**What to work on**
Word for word, output the data, with none of its pictures.

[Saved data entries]
■ ■ ■ ■ ■ ■ ■

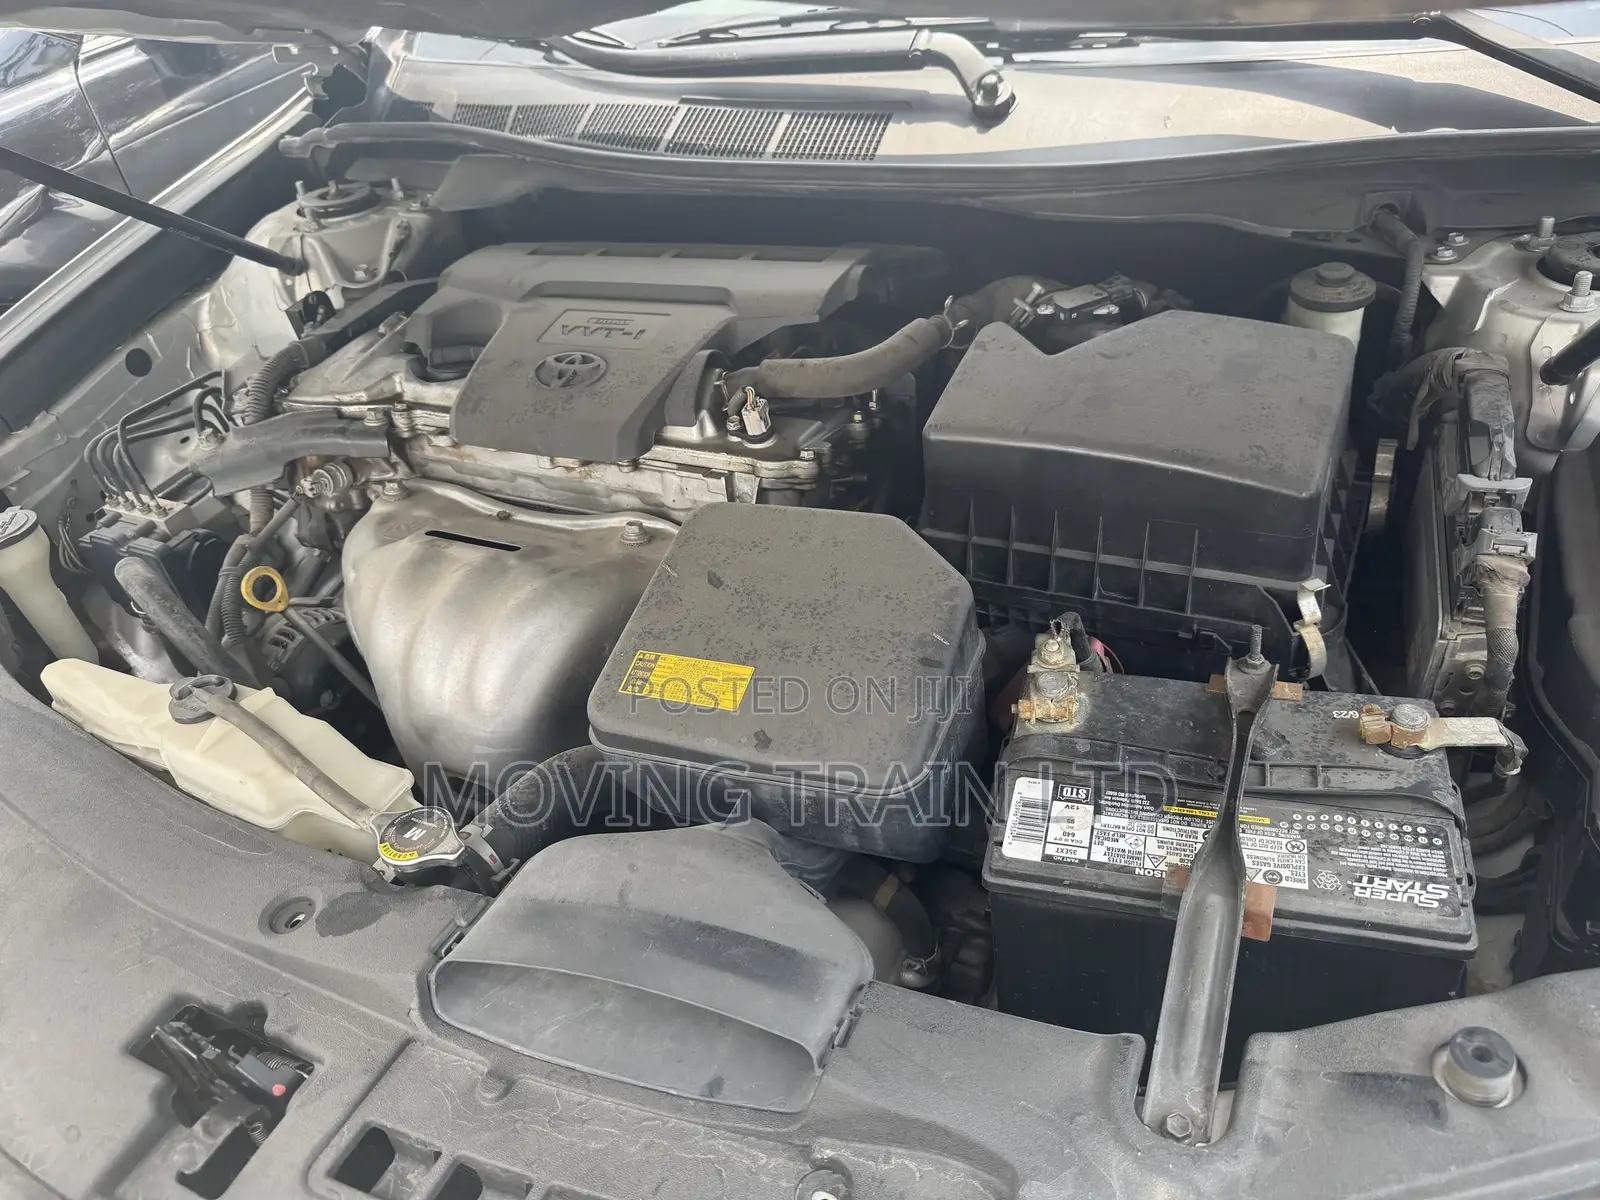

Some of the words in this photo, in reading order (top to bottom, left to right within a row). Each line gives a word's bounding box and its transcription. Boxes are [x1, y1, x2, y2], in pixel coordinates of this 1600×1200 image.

[1332, 710, 1360, 718] 6/23
[1062, 787, 1088, 799] STD
[1093, 834, 1119, 842] MEDICAL
[382, 844, 408, 859] CAUTION
[1104, 845, 1126, 853] WATER.
[1164, 844, 1194, 852] BLINDNESS
[1102, 851, 1142, 860] IMMEDIATELY
[1273, 863, 1305, 871] EXPLOSIVE
[1134, 867, 1165, 877] ISON
[1353, 876, 1450, 899] START
[1354, 886, 1439, 908] SUPER

■ ■ ■ ■ ■ ■ ■

**Task output**
Some of the words in this photo, in reading order (top to bottom, left to right within a row). Each line gives a word's bounding box and its transcription. Boxes are [x1, y1, x2, y2], in pixel coordinates of this 1600×1200 image.

[1332, 710, 1360, 718] 6/23
[1062, 787, 1088, 799] STD
[1093, 834, 1119, 842] MEDICAL
[382, 844, 408, 859] CAUTION
[1104, 845, 1126, 853] WATER.
[1164, 844, 1194, 852] BLINDNESS
[1102, 851, 1142, 860] IMMEDIATELY
[1273, 863, 1305, 871] EXPLOSIVE
[1134, 867, 1165, 877] ISON
[1353, 876, 1450, 899] START
[1354, 886, 1439, 908] SUPER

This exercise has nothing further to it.